The breed’s start was in the 1800s when a tax collector crossed several breeds together to create the ultimate guard dog to keep him safe from bandits who kept attacking him during his collection rounds.
19. Miniature Schnauzer
Miniature Schnauzers are the canine equivalent of wizards. Not that they do magic, they don’t. But they have beards reminiscent of every crazy wizard you’ve ever seen portrayed in a movie. They also have long lifespans of up to 20 years and tend to be quite a bit more popular than their larger standard-variation cousins. These dogs were built for ratting and farm work, so they’re independent, tough, and courageous, though not aggressive.
20. Shih Tzu
Shih Tzus are small but solid dogs with lustrous coats that help them earn many best-in-show titles. They’re a dog bred for royalty, though today, they’re popular with many average families as one of the top 20 most popular pet dogs in America. Because of their small stature, these dogs are great for city living or apartment dwelling.
Shih Tzus have been called lion dogs for a long time, and the name “Shih Tzu” even means “little lion,” but these dogs rarely display any ferocity, unless they’re playing tough with one of their toys!
21. Boston Terrier
Ironically, the small and proper Boston Terrier, nicknamed the American Gentleman, was originally created as a fighting breed! Hard to believe if you’ve ever known a Boston Terrier, as these are sweet and gentle dogs, though they do have a notably feisty side to them. They have the appearance of a dog in a tuxedo with a black topcoat and white vest, but it’s their adorable expressions and bug eyes that win over so many adoring fans.
22. Bernese Mountain Dog
Large in stature with many uses, the Bernese Mountain Dog is a working canine developed in Switzerland to perform tasks such as herding cattle and pulling carts while simultaneously making great watchdogs and guard dogs. Of the four different types of Swiss Mountain Dogs, only the Bernese Mountain Dog wears a coat of long hair. Males reach weights of 115 pounds and can stand nearly 28 inches tall, though their thick, long coats make them appear even larger.
Pomeranians are funny-looking little puffballs with coats that make them look as if they were just electrocuted and all the hair is standing on end! They’re actually tiny dogs in the toy group, topping out at just 7 pounds in weight and 7 inches in height. That big, puffy coat is no accident though. These little pups are the descendants of much larger sled dog breeds, and you can still see it in their attitude.

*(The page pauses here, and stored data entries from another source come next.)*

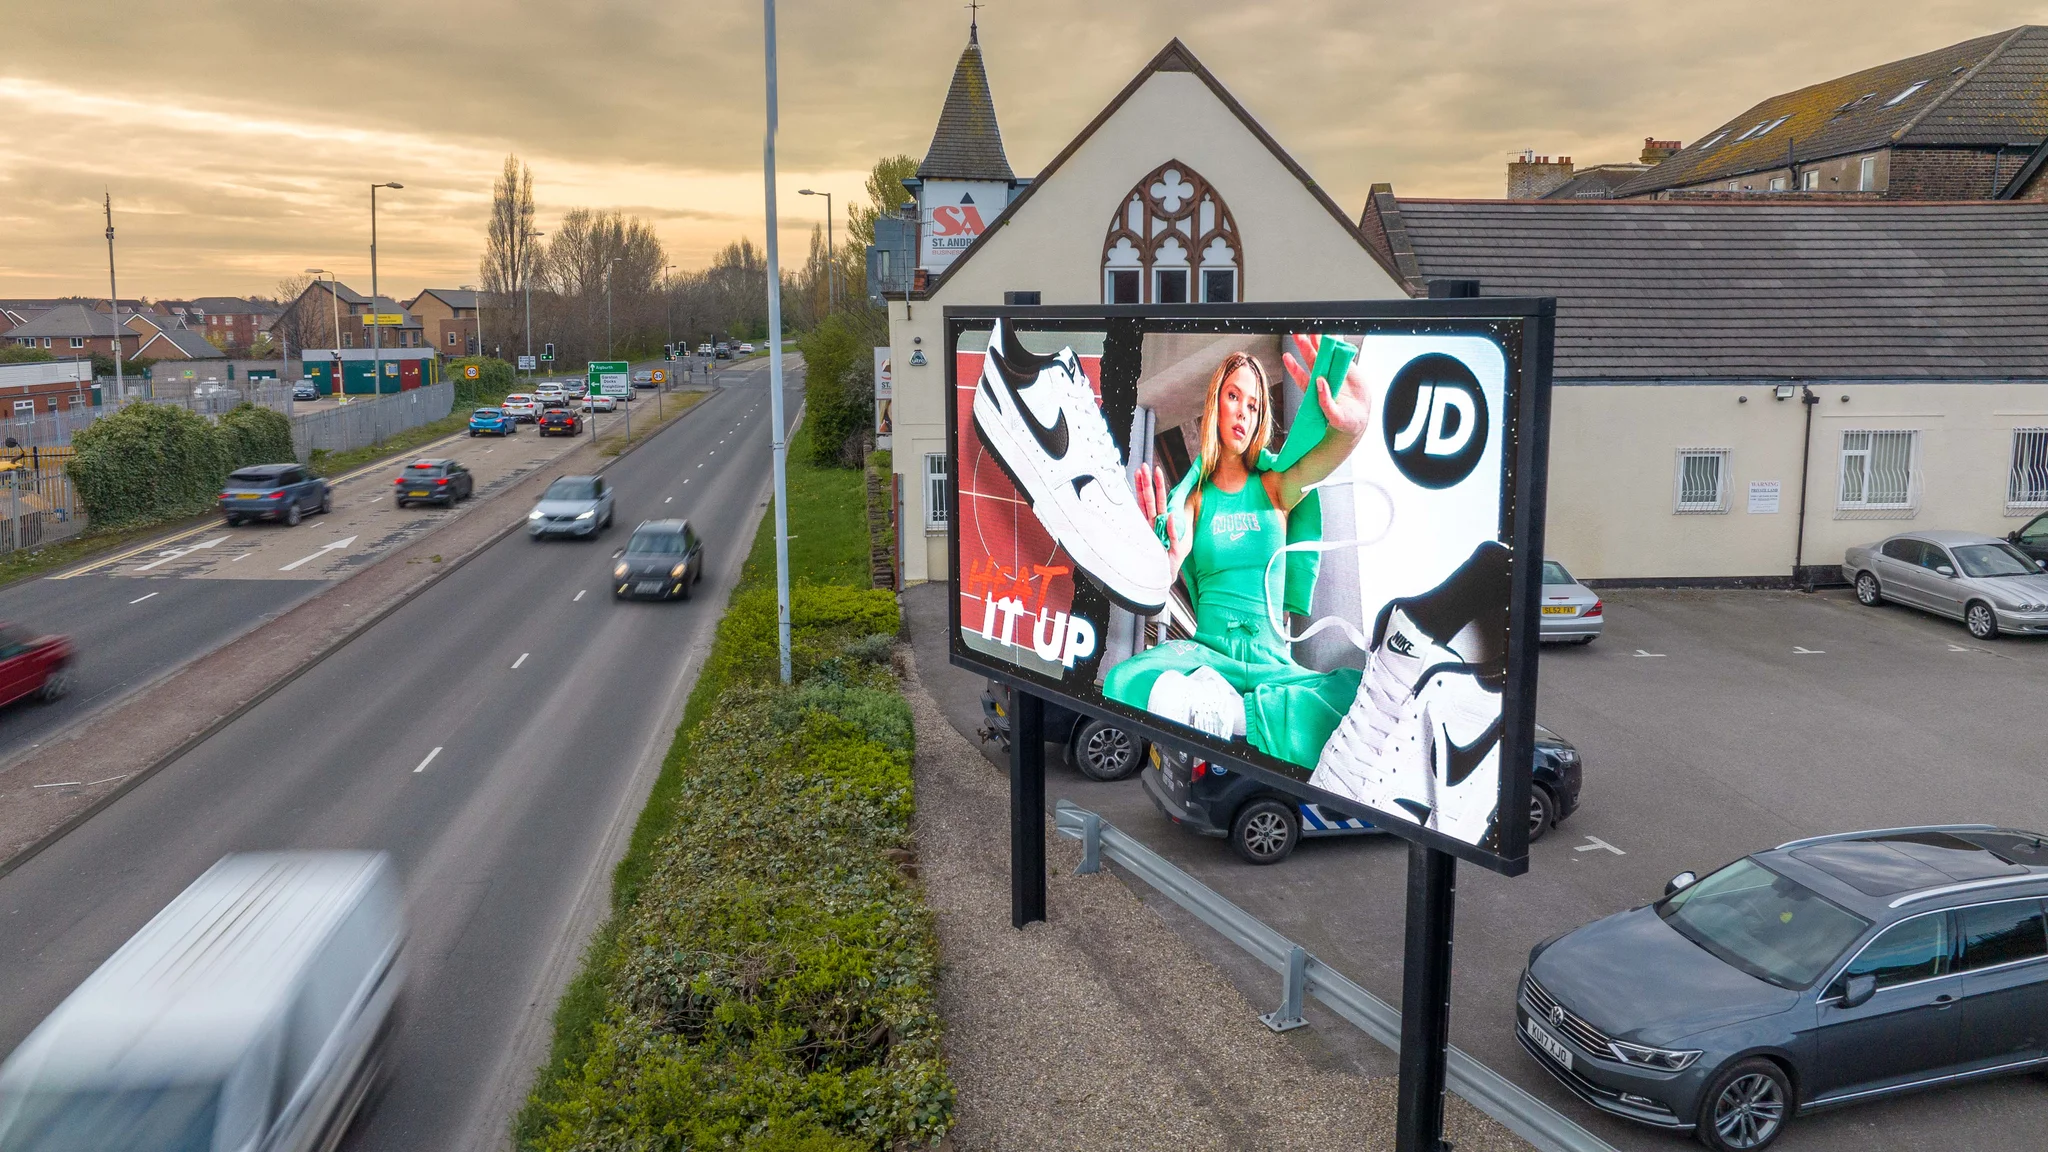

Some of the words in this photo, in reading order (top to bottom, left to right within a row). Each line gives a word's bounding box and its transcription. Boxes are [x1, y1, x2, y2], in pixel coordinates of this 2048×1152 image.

[932, 238, 945, 247] ST.
[947, 238, 977, 247] ANDR
[1393, 385, 1476, 456] JD
[968, 555, 1070, 623] HEAT
[982, 591, 1025, 648] IT
[1032, 607, 1096, 669] UP
[1391, 630, 1415, 652] NIKE

Small dogs with long shaggy yet silky coats, the Havanese is a breed that was made to provide companionship for the Cuban royals in the 19th century. The breed has earned the nickname of “Velcro dog” because they never leave their owner’s side, sticking to them like Velcro. But they’re also full of spunk and energy, with athletic abilities that help them excel in dog sports and interesting canine careers including circus and service work.
25. Cane Corso
Large in size and fierce in appearance, the Cane Corso is a working dog that truly loves to be given a job to perform. This breed is smart, confident, and has a very noble feel. The lineage of this breed can be traced back to the time of the ancient Romans, making them an ancient breed. They can weigh 100 pounds standing nearly 28 inches tall, with bodies covered in muscle that make them quite intimidating.

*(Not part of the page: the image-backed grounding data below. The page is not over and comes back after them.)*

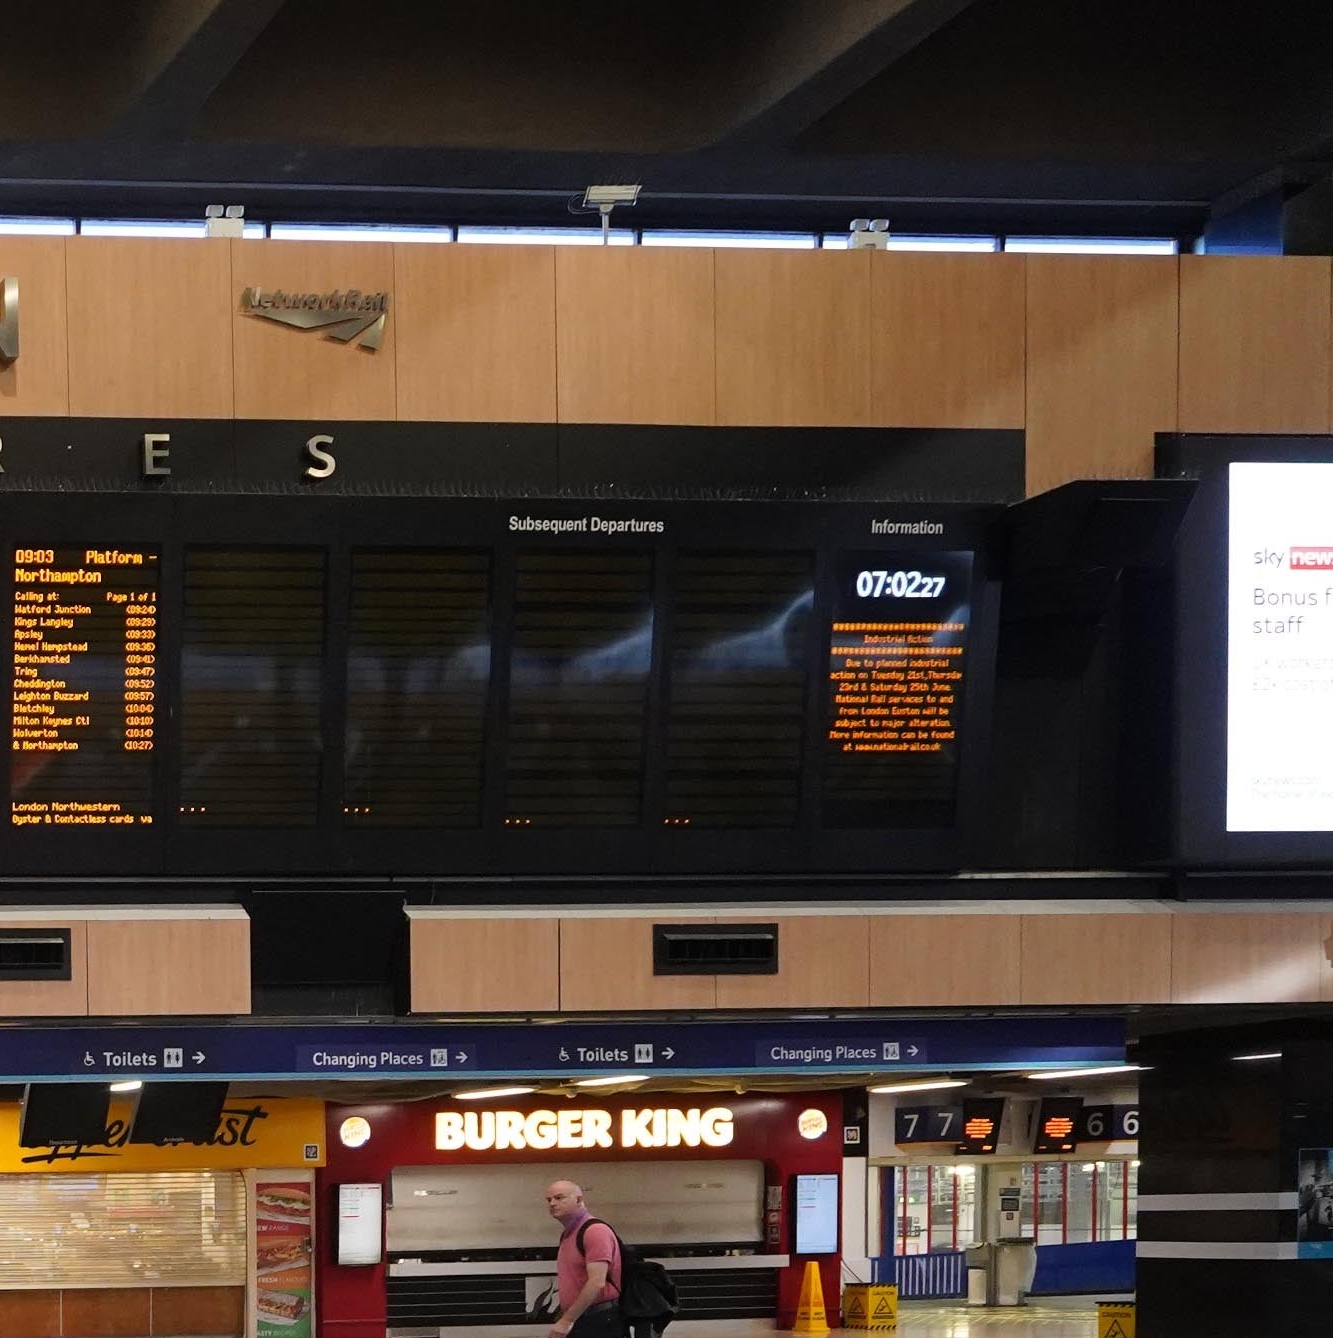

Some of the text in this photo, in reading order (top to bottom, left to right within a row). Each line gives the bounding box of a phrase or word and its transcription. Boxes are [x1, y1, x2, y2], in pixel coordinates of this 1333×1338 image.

[509, 517, 664, 535] Subsequent Departures
[872, 520, 943, 535] Information
[16, 550, 142, 564] 09:03 Platform
[1254, 548, 1284, 568] sky
[15, 569, 101, 584] Northampton
[1254, 588, 1317, 605] Bonus
[1253, 616, 1304, 633] staff
[103, 1050, 156, 1067] Toilets
[312, 1050, 423, 1069] Changing Places
[577, 1046, 628, 1063] Toilets
[771, 1044, 877, 1062] Changing Places
[435, 1107, 733, 1150] BURGER KING
[904, 1114, 919, 1138] 7
[938, 1113, 954, 1136] 7
[1087, 1113, 1103, 1136] 6
[1122, 1111, 1139, 1134] 6

Is your dog on this list, or is one of the dogs on this list a top choice for your next pet? While this list changes every year, the most popular dogs tend to be popular for good reasons. These breeds are generally intelligent, trainable, and good-natured with excellent traits for work and family life, though they come in a wide range of sizes, colors, and shapes. Whether you want a massive dog with a soft and loving heart or a tiny dog with a fierce disposition, one of these popular pooches is sure to have the traits you’re looking for.